Do I identify with the term lesbian?
Yes and no. I identify with it for the fact that many people have used it how I use bisexual throughout history, as for many it was more adjacent to “sapphic” or “likes women in a gay way.” There are male lesbians and bi lesbians and nb lesbians and lots of ways to be a lesbian. Some used the label AS a gender.
In many ways I identify with it, in others, the label makes me feel distant from another part of myself. My attraction to men would often be assumed absent if I used lesbian INSTEAD of bisexual, regardless of it I or others used it that way. So I hover on the cusp of the term lesbian and reach for bisexual first, sometimes only.
Now, words like dyke? I get told you cannot reclaim it if you aren’t a capital L Lesbian. But I’ve been called it. Plenty. I would attend dyke marches. The Boston Dyke March explicitly included bi dykes in their definition. Frankly, they said anyone who identifies with being a dyke is welcome to call themselves one.

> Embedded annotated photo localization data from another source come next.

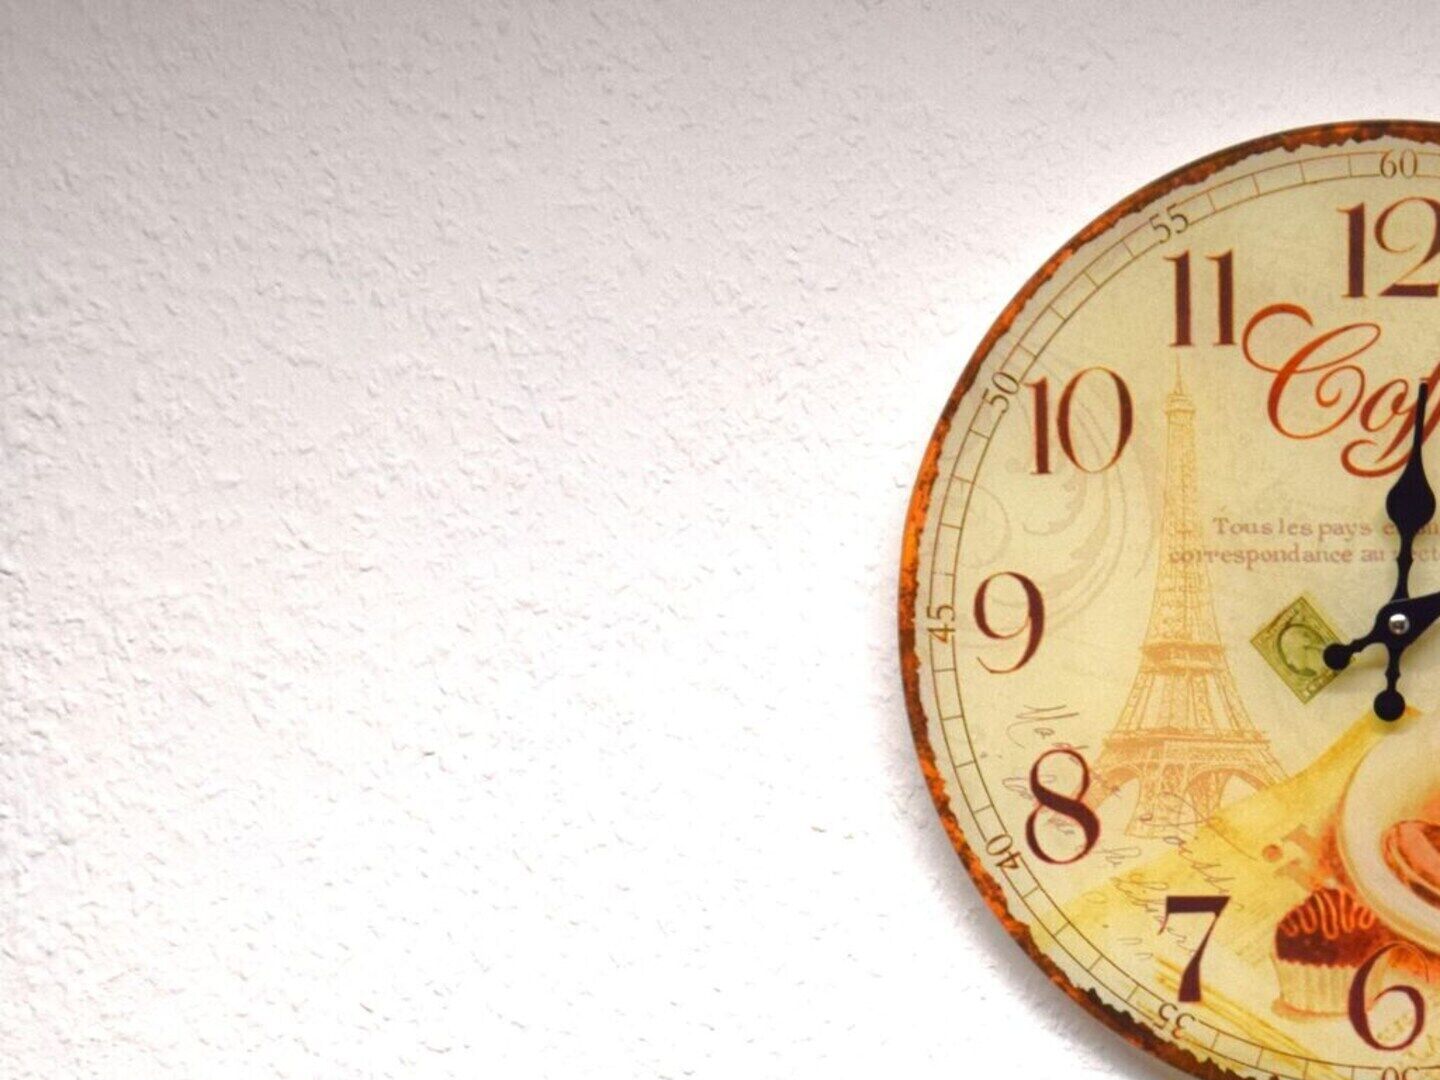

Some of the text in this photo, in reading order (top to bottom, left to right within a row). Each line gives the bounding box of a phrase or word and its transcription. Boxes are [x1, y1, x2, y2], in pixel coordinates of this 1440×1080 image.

[1379, 149, 1418, 178] 60
[1149, 203, 1190, 243] 55
[1163, 249, 1238, 347] 11
[981, 371, 1021, 414] 50
[1024, 367, 1133, 475] 10
[1213, 516, 1274, 536] Tous
[1280, 517, 1314, 536] les
[1318, 521, 1373, 542] pays
[1169, 544, 1350, 570] correspondance
[926, 605, 956, 644] 45
[973, 571, 1045, 674] 9
[1025, 748, 1101, 865] 8
[985, 833, 1021, 870] 40
[1157, 896, 1231, 1004] 7
[1348, 942, 1429, 1051] 6
[1153, 1002, 1196, 1040] 35

So what about butch? I tell people to read it all the time but I went and copied the full opening essay of Butch Is A Noun titled “I Know What Butch Is” and will add it under the cut.
But long story (essay) short, if you identify with butchness, congrats, you’re a butch, and can use the butch flag.

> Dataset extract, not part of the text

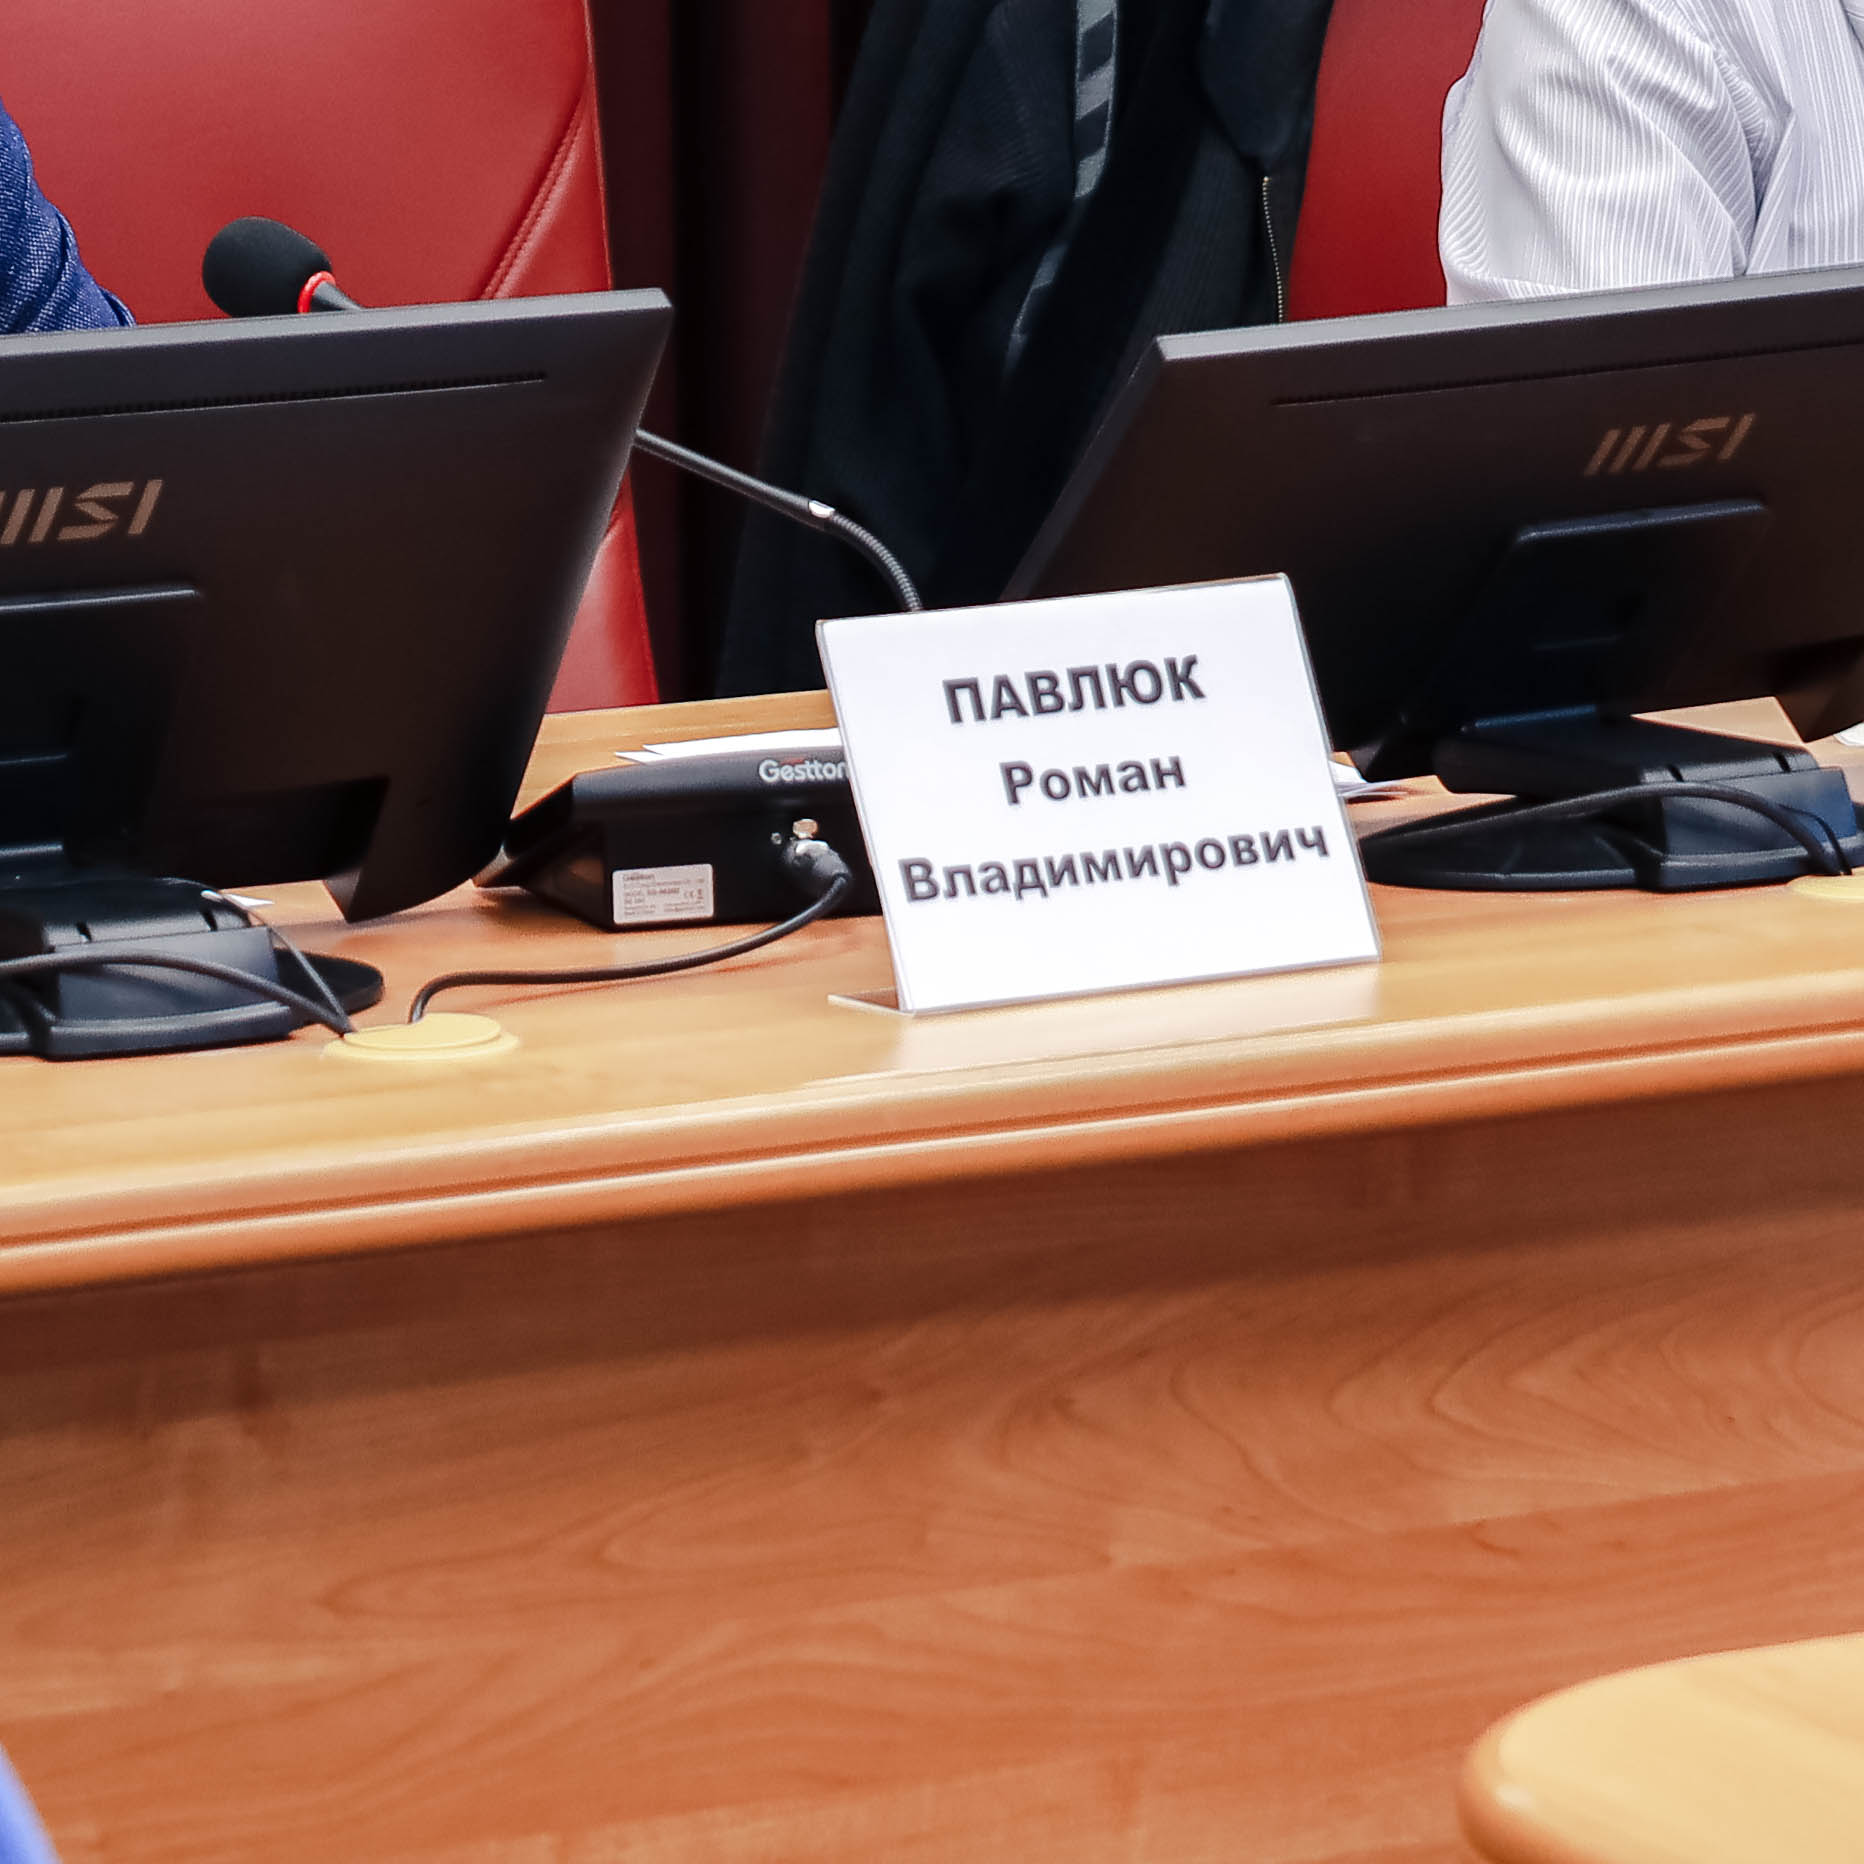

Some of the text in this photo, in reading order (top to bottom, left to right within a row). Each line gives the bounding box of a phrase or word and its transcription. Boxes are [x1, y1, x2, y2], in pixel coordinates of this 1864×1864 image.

I know what butch is. I know, and I’m going to tell you, so listen up and take notes. First of all, butch is a noun. And an adjective. And a verb.
Butches only ever wear jeans and boots, except if they’re wearing suits, and they keep their hair clipped down to a flattop you could putt off. Except if they have to for work. Or if they want to for sex. Or if they want to for some other reason. But otherwise it’s denim and leather and butch wax, kid, and don’t you forget it. Unless you’re vegan.

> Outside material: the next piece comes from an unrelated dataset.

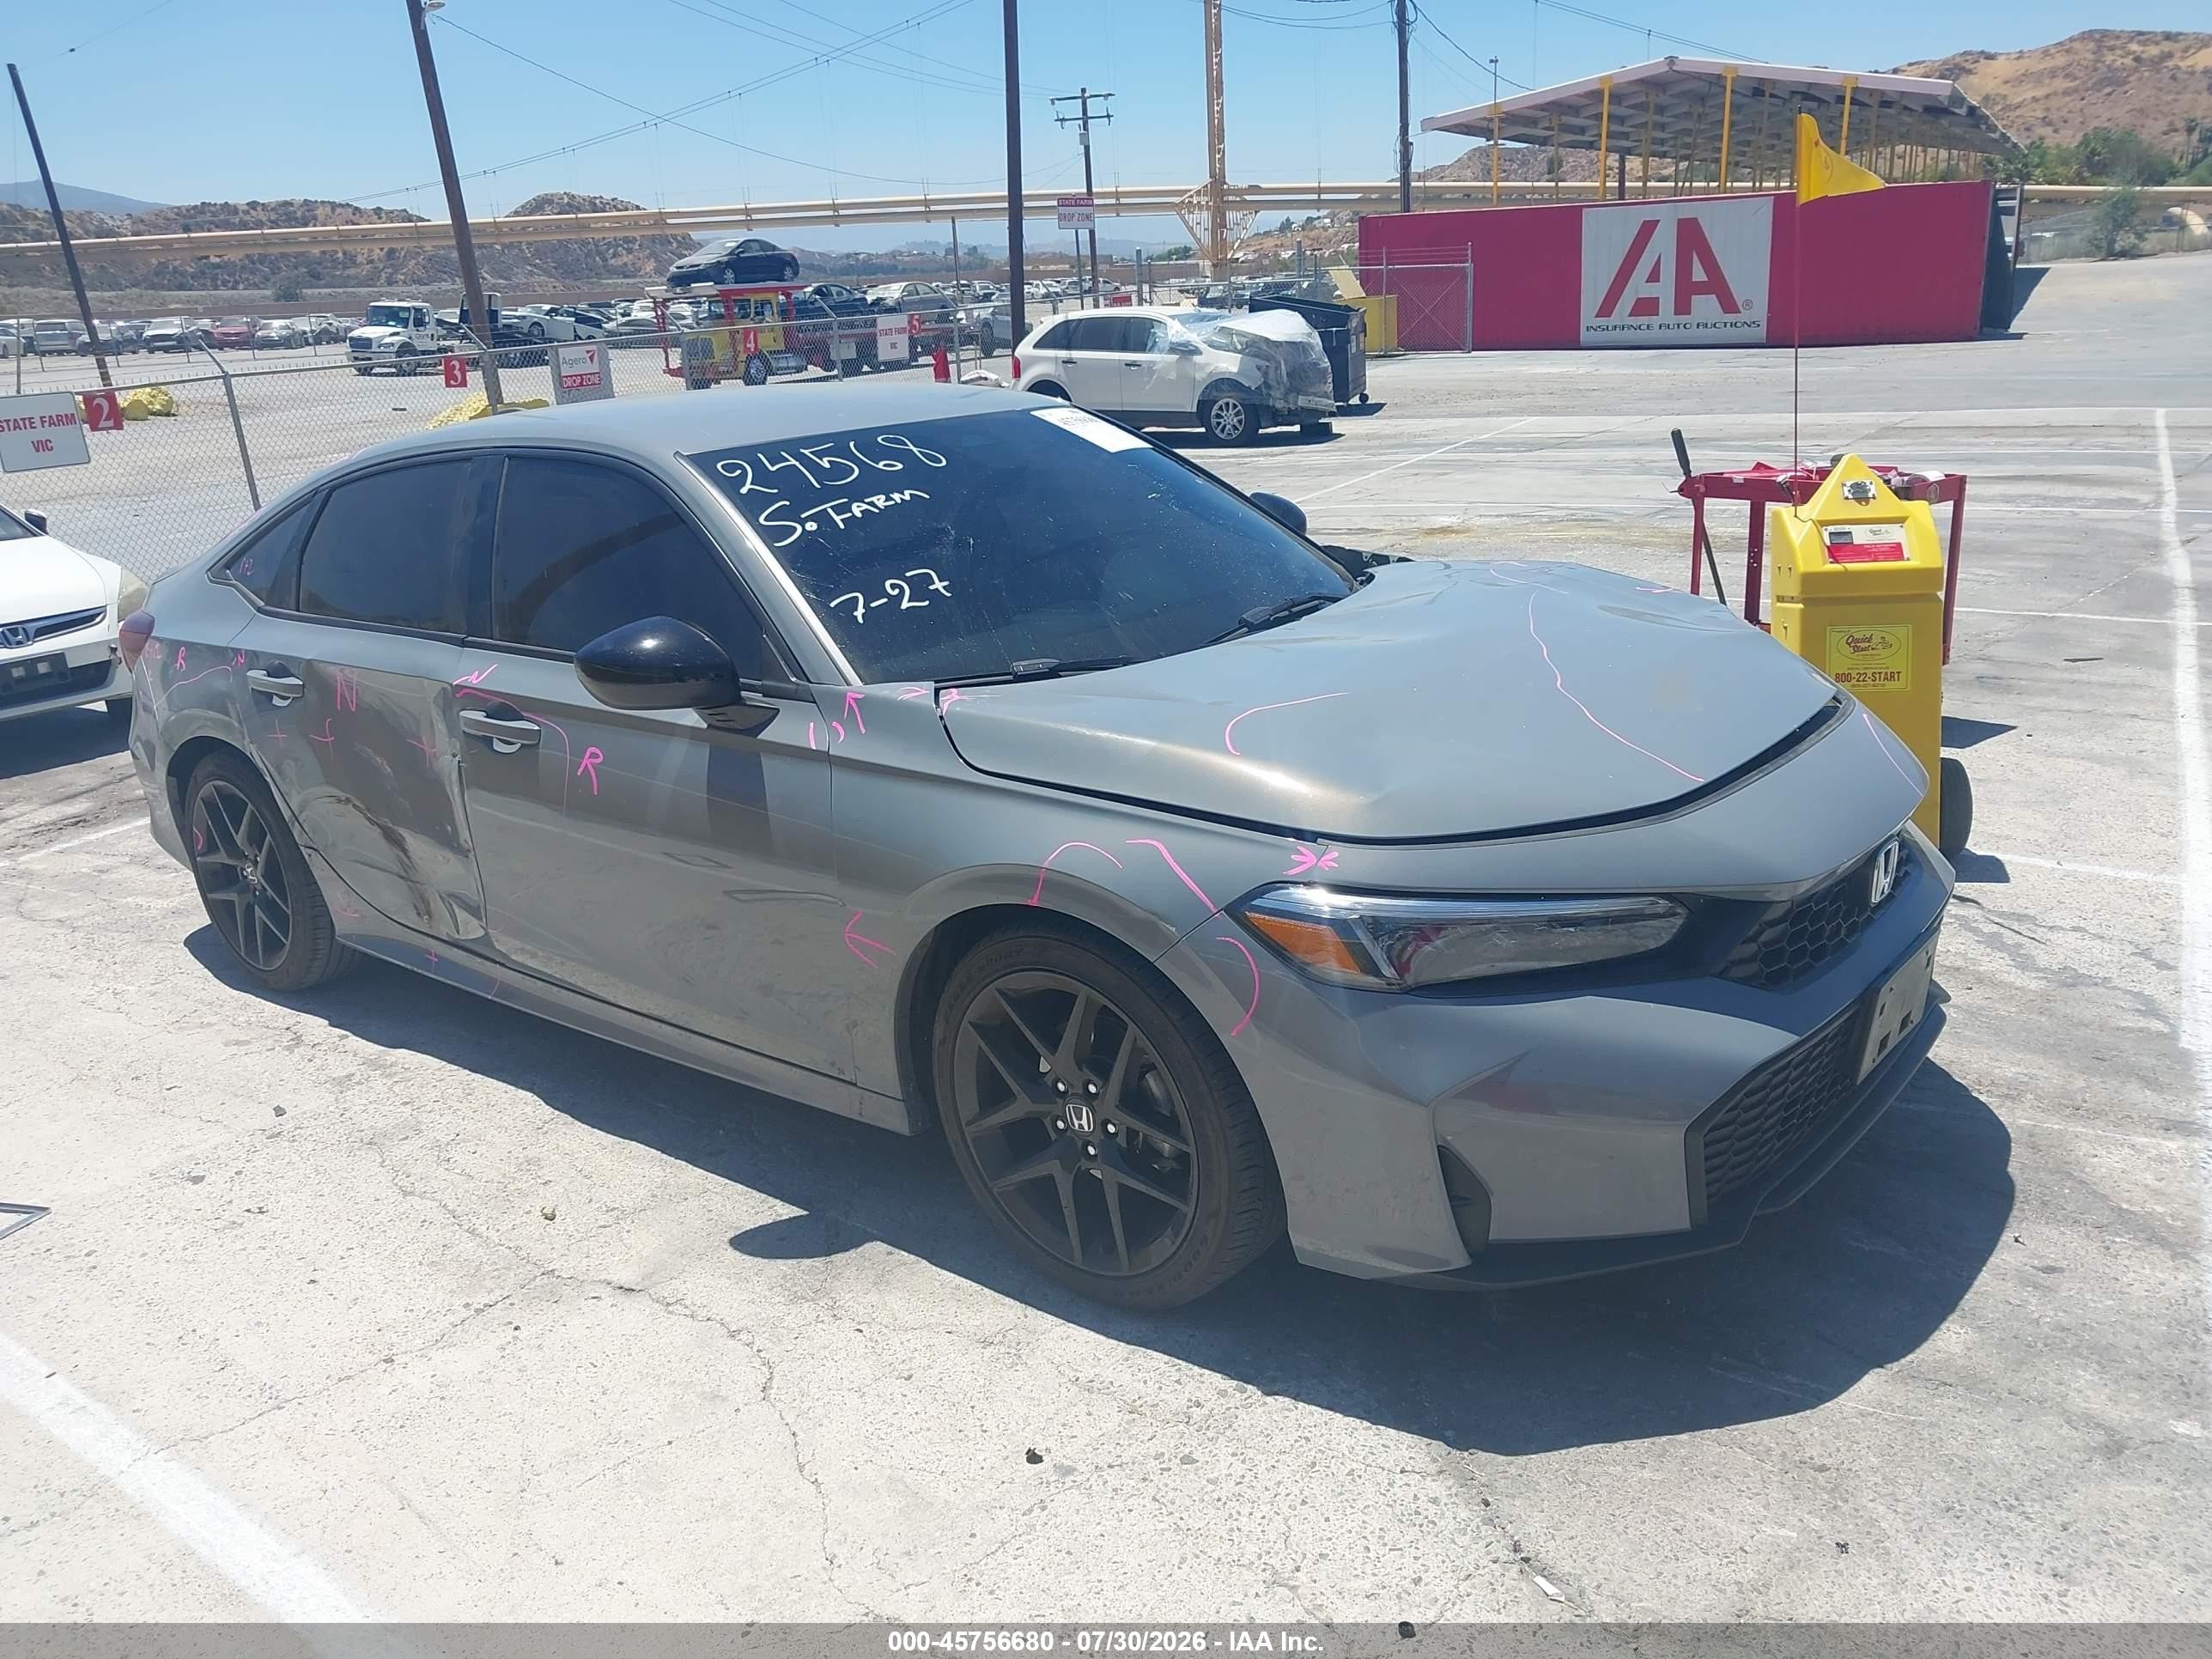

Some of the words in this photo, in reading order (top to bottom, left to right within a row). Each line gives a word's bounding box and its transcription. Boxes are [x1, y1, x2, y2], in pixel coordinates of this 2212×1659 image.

Toughness, even at the expense of gentleness, is a butch trait. Butches are outlaws. Also gentlemen. Gentlemen who open doors and pick up checks and say “after you” and hold your umbrella over you in the rain while the water drips down their sleeves. But butches not gentlemen if being a gentleman means imposing on the unsuspecting their sexist modes of acting out the cultural paradigm of the helplessness of women. Except if the unsuspecting are crying and need a handkerchief, or elderly and need a seat to sit down in, then it’s all right. Probably. But butches should never wait for a femme to tell them specifically that it is all right to behave in a gentlemanly fashion, they should just go ahead and do it because femmes like a butch with confidence, unless it turns out that she finds it offensive and feels as though you have imposed your gender fetish on her, you arrogant bastard.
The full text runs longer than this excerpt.